PROVIDED RECORDS:
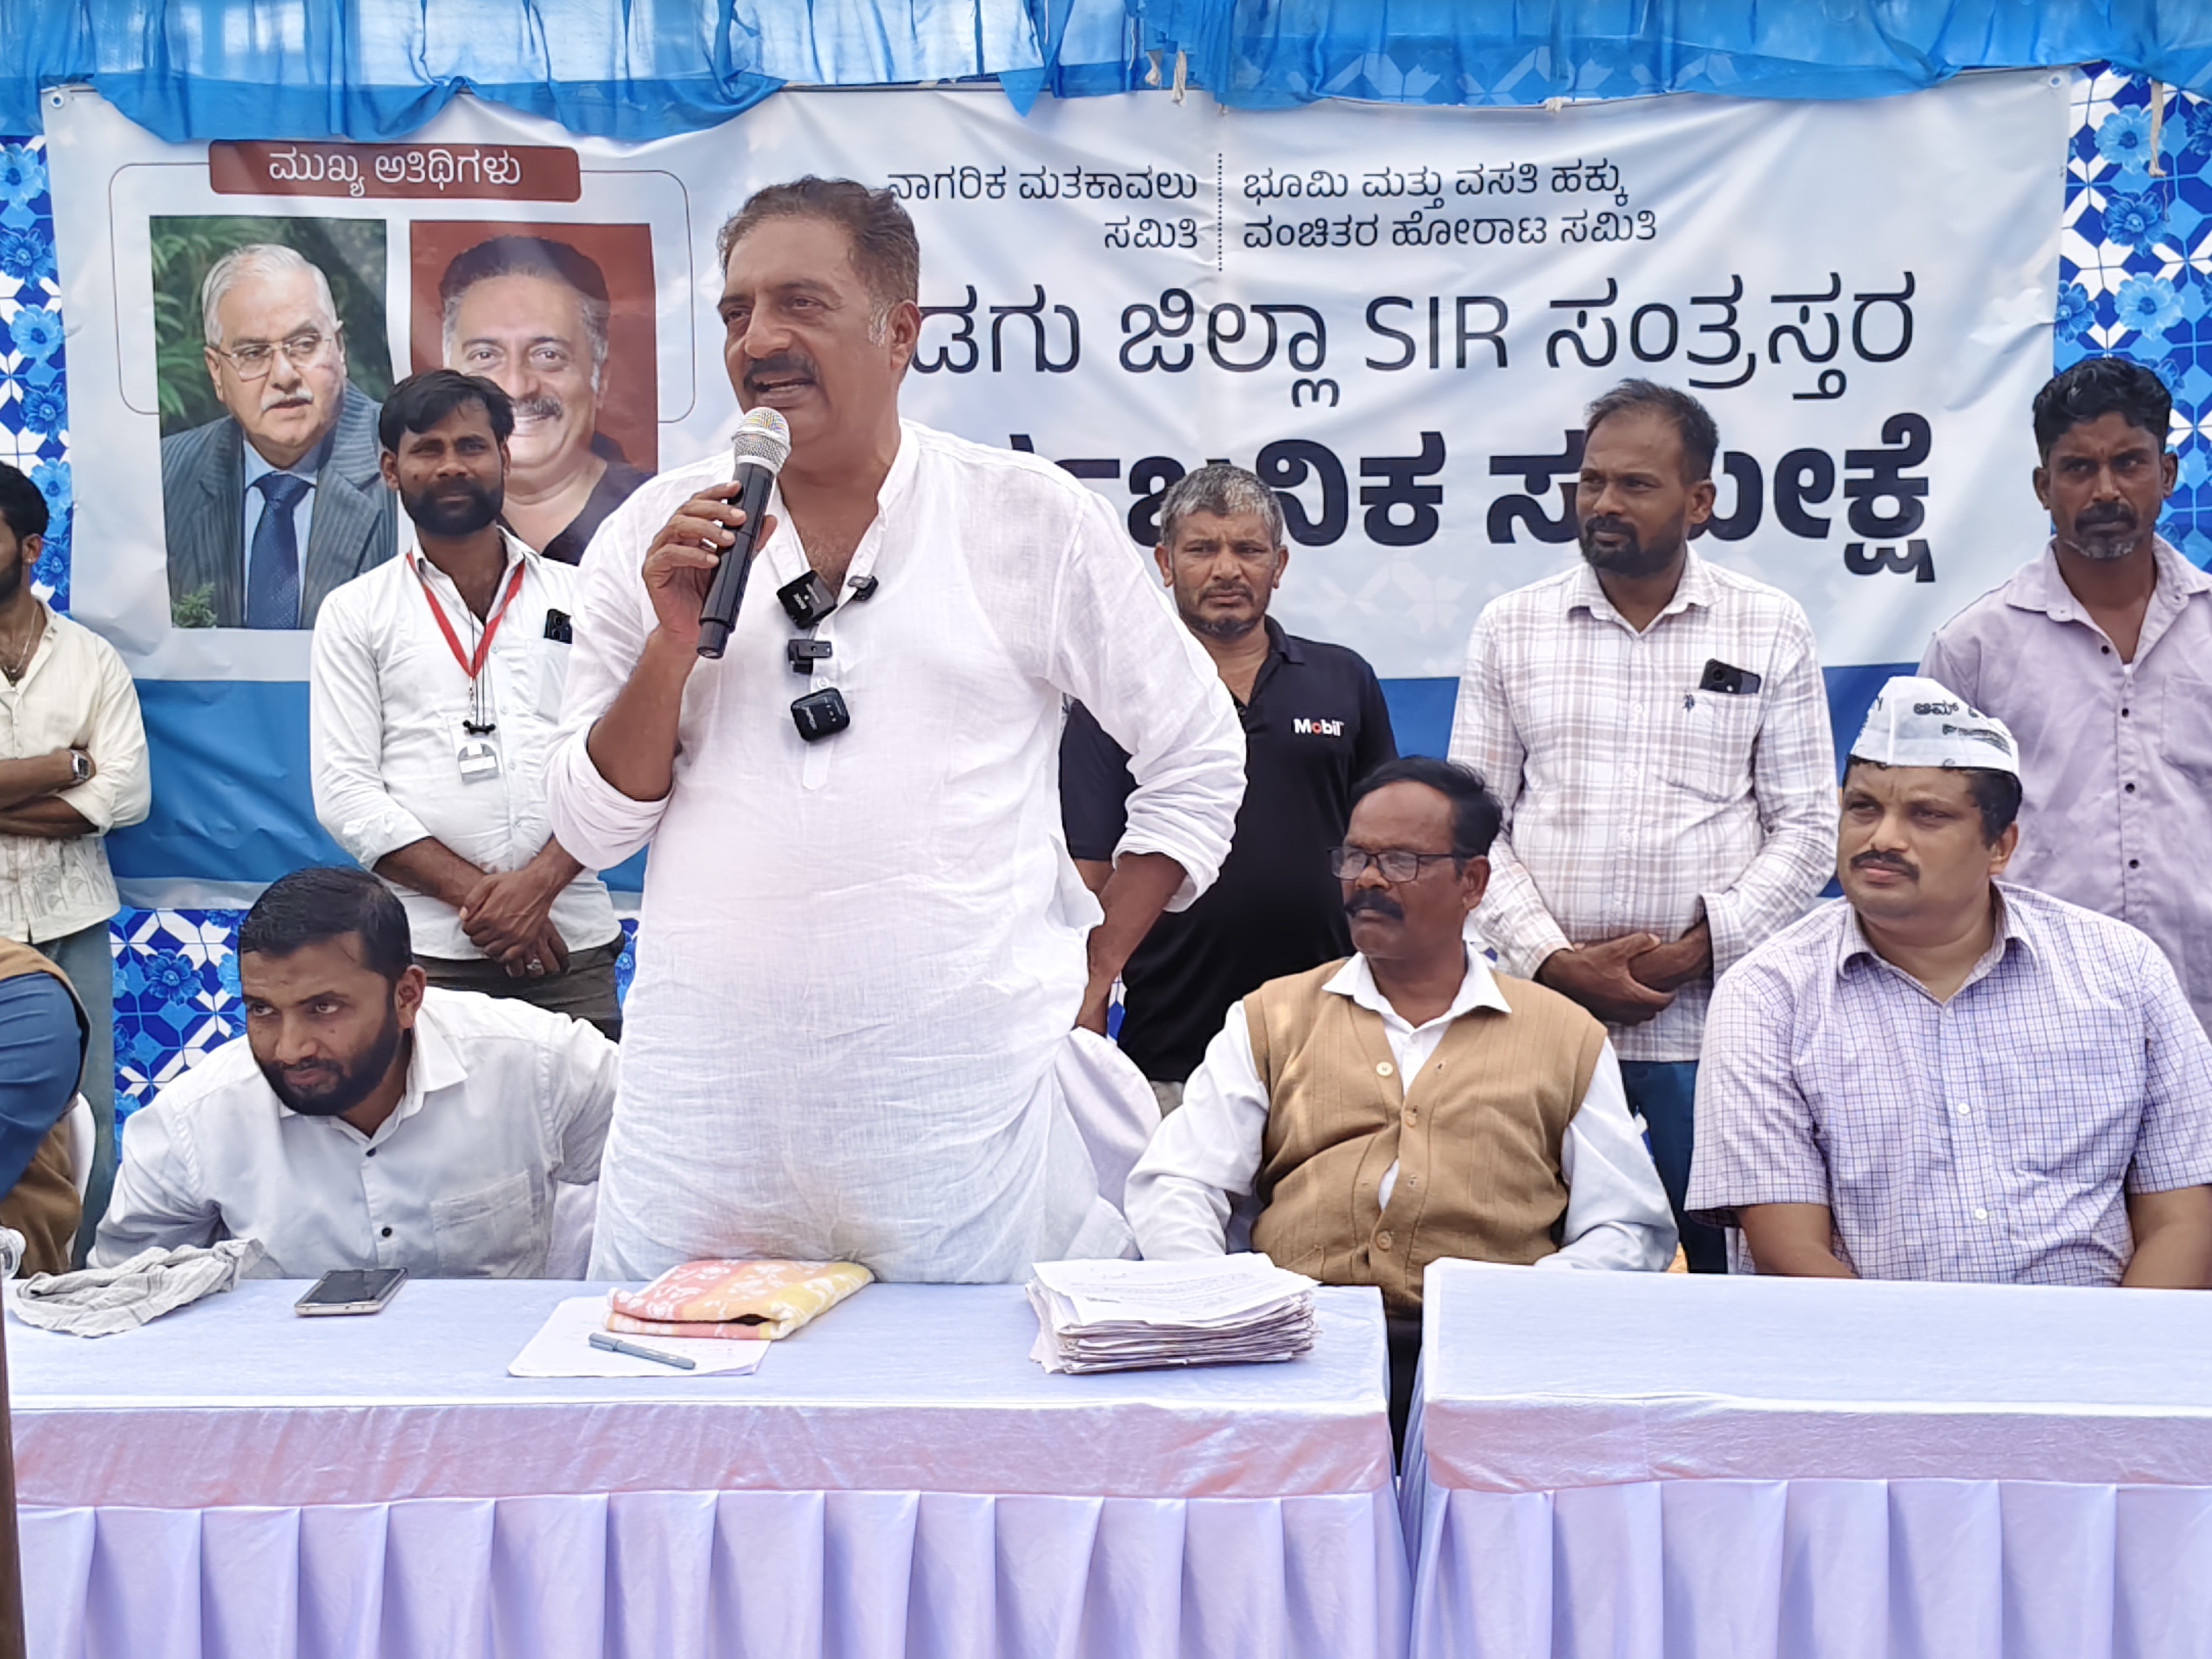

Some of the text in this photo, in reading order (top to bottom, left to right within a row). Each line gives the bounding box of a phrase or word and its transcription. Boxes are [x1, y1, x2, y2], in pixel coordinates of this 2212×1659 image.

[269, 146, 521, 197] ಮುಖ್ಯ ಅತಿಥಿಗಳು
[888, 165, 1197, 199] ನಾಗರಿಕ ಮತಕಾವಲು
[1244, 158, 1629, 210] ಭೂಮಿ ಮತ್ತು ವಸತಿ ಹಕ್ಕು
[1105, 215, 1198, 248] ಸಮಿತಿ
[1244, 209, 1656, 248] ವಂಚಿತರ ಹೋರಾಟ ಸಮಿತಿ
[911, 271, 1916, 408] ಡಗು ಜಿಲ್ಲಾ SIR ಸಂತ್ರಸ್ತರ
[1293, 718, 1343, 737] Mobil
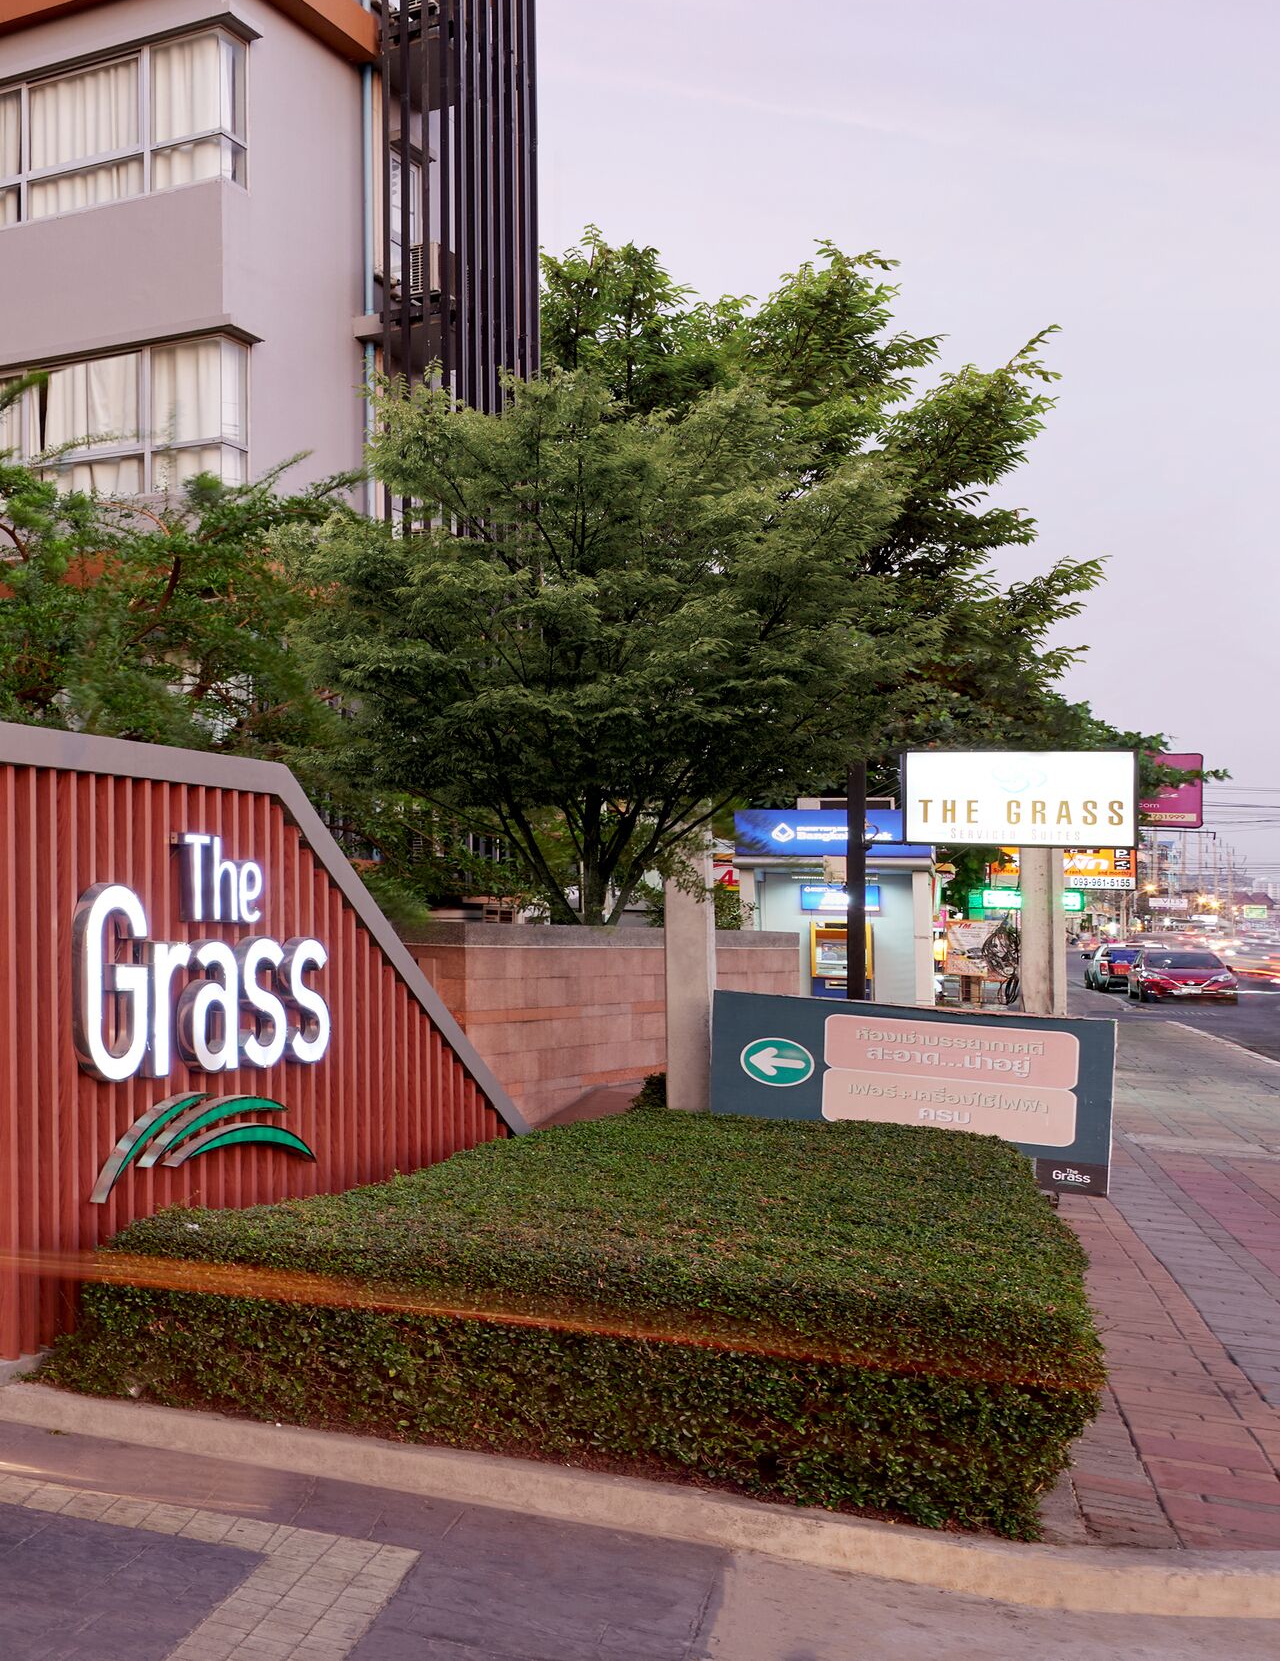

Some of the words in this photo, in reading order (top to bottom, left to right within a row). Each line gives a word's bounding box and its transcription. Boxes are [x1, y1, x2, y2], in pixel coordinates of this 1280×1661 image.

TASK INSTRUCTIONS: Retype each line of the records exactly as it reads; no pictures belong in the copy.

WRITTEN SOLUTION:
Some of the text in this photo, in reading order (top to bottom, left to right within a row). Each line gives the bounding box of a phrase or word and its transcription. Boxes are [x1, y1, x2, y2], in pixel coordinates of this 2212×1659 image.

[269, 146, 521, 197] ಮುಖ್ಯ ಅತಿಥಿಗಳು
[888, 165, 1197, 199] ನಾಗರಿಕ ಮತಕಾವಲು
[1244, 158, 1629, 210] ಭೂಮಿ ಮತ್ತು ವಸತಿ ಹಕ್ಕು
[1105, 215, 1198, 248] ಸಮಿತಿ
[1244, 209, 1656, 248] ವಂಚಿತರ ಹೋರಾಟ ಸಮಿತಿ
[911, 271, 1916, 408] ಡಗು ಜಿಲ್ಲಾ SIR ಸಂತ್ರಸ್ತರ
[1293, 718, 1343, 737] Mobil

Some of the words in this photo, in reading order (top to bottom, left to right within a row). Each line gives a word's bounding box and its transcription. Boxes are [x1, y1, x2, y2], in pixel coordinates of this 1280×1661 image.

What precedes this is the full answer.